- **What the task asks**
Please copy the data below exactly; none of the pictures in it belong in the copy.
┌─ Provided material
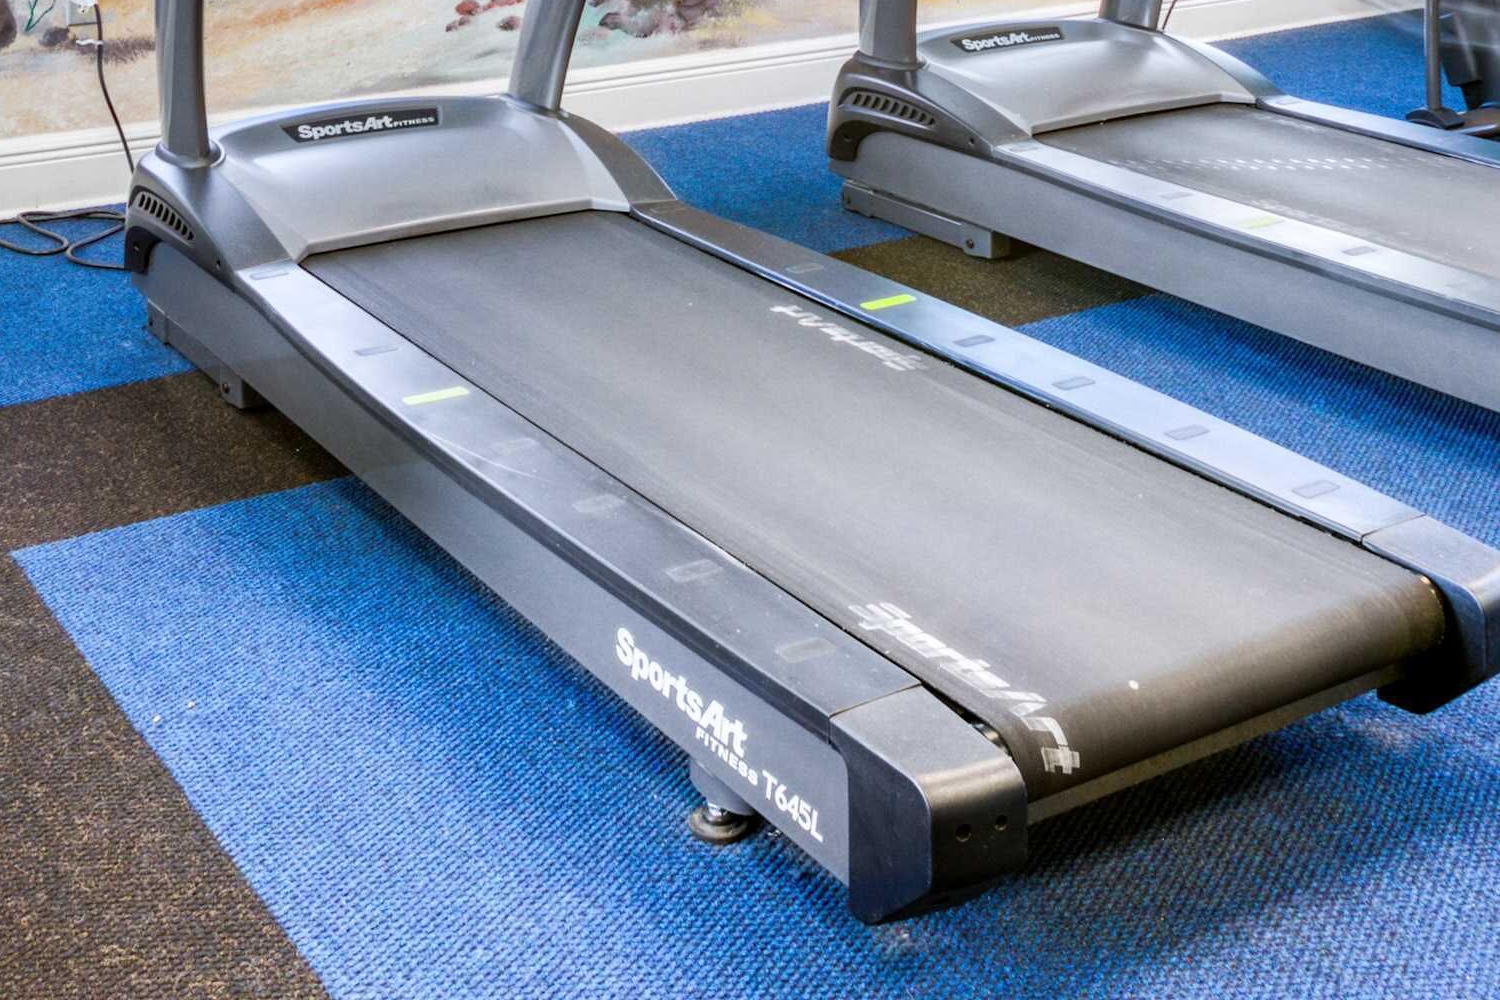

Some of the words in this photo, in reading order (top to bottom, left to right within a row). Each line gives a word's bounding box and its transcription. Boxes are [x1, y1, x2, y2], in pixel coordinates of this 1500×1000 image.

[962, 32, 1030, 51] SportsArt
[297, 115, 394, 140] SportsArt
[393, 116, 436, 129] FITNESS
[615, 627, 748, 758] SportsArt
[695, 726, 758, 787] FITNESS
[762, 769, 824, 843] T645L
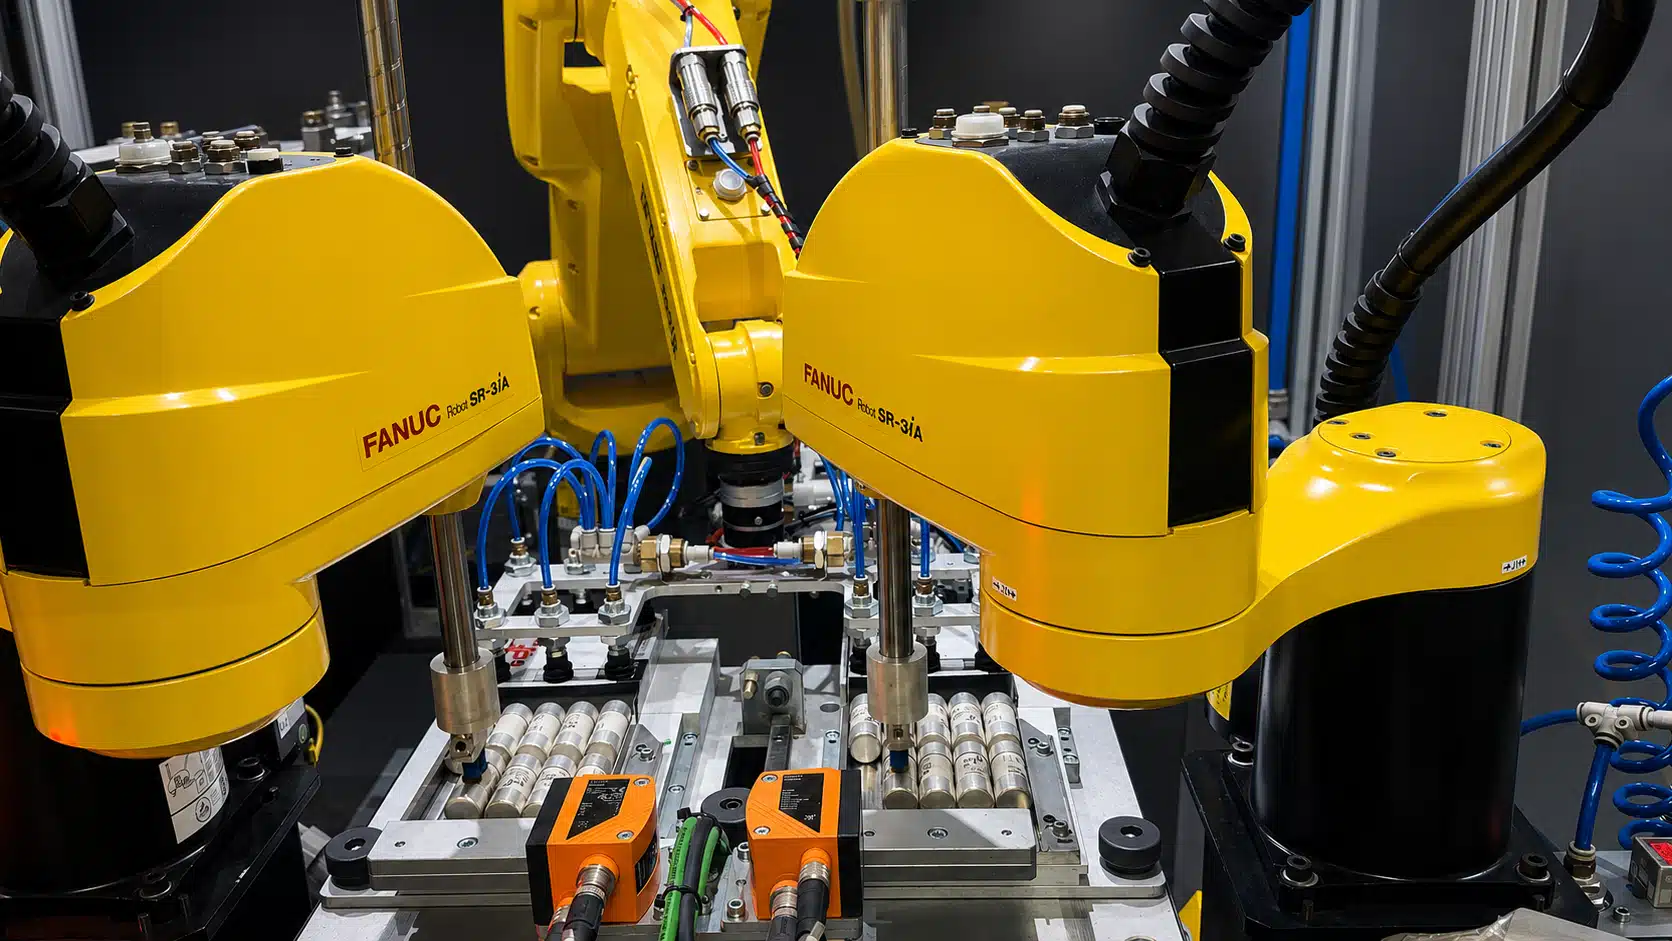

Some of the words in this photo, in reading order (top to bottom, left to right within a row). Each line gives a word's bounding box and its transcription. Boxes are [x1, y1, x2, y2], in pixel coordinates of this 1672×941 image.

[362, 403, 442, 459] FANUC
[446, 400, 469, 419] Robot
[470, 372, 510, 407] SR-3iA
[804, 363, 854, 406] FANUC
[857, 398, 876, 419] Robot
[877, 407, 924, 442] SR-3iA
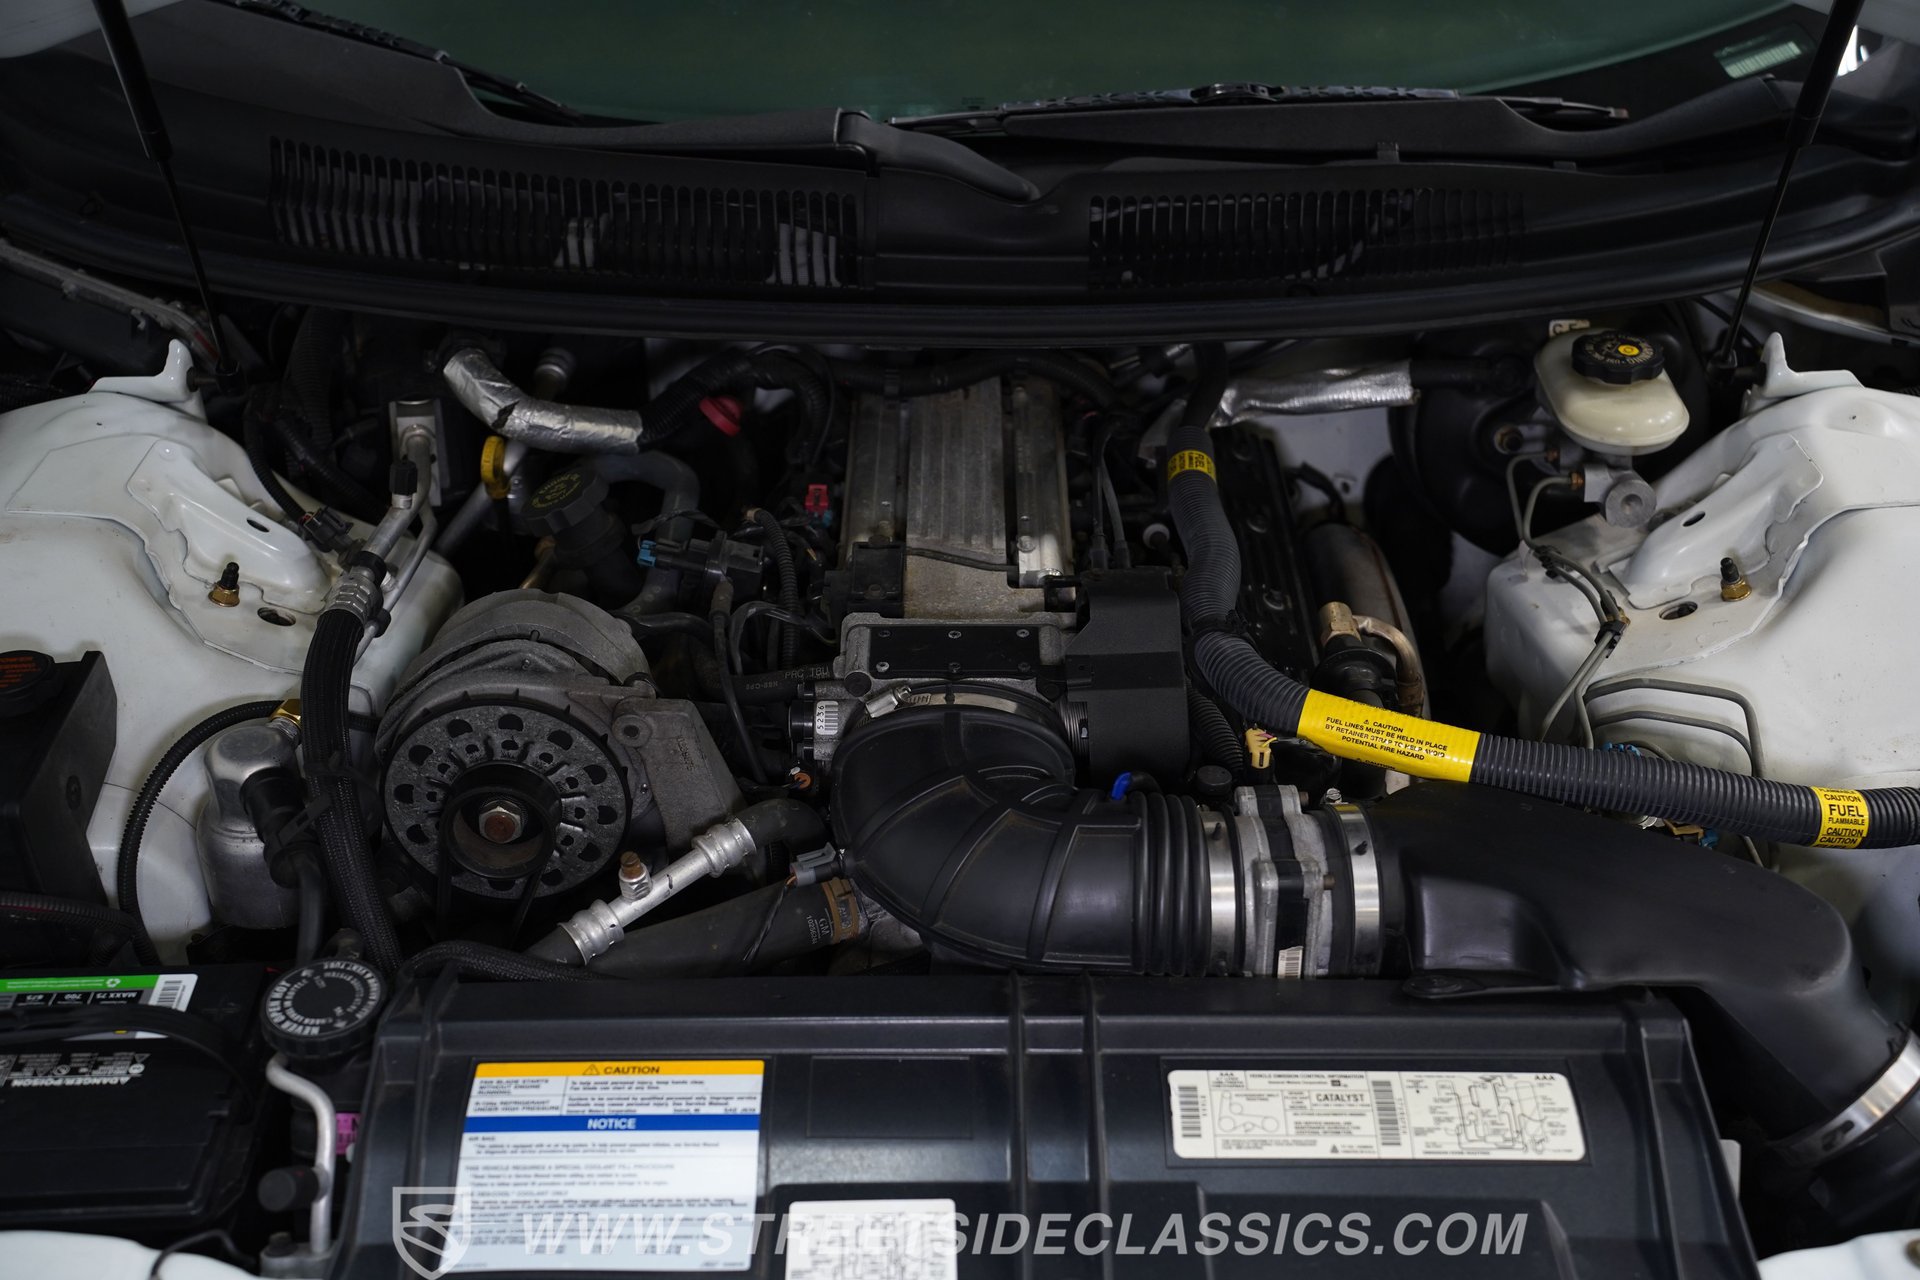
└─
- **Answer area**
Some of the words in this photo, in reading order (top to bottom, left to right within a row). Each line gives a word's bounding box and its transcription. Boxes are [x1, y1, x2, y2], in pixel coordinates of this 1500×1000 image.

[962, 32, 1030, 51] SportsArt
[297, 115, 394, 140] SportsArt
[393, 116, 436, 129] FITNESS
[615, 627, 748, 758] SportsArt
[695, 726, 758, 787] FITNESS
[762, 769, 824, 843] T645L

Some of the words in this photo, in reading order (top to bottom, left to right within a row). Each line gives a word's bounding box and its transcription. Boxes are [x1, y1, x2, y2], in pixel coordinates of this 1672×941 image.

[362, 403, 442, 459] FANUC
[446, 400, 469, 419] Robot
[470, 372, 510, 407] SR-3iA
[804, 363, 854, 406] FANUC
[857, 398, 876, 419] Robot
[877, 407, 924, 442] SR-3iA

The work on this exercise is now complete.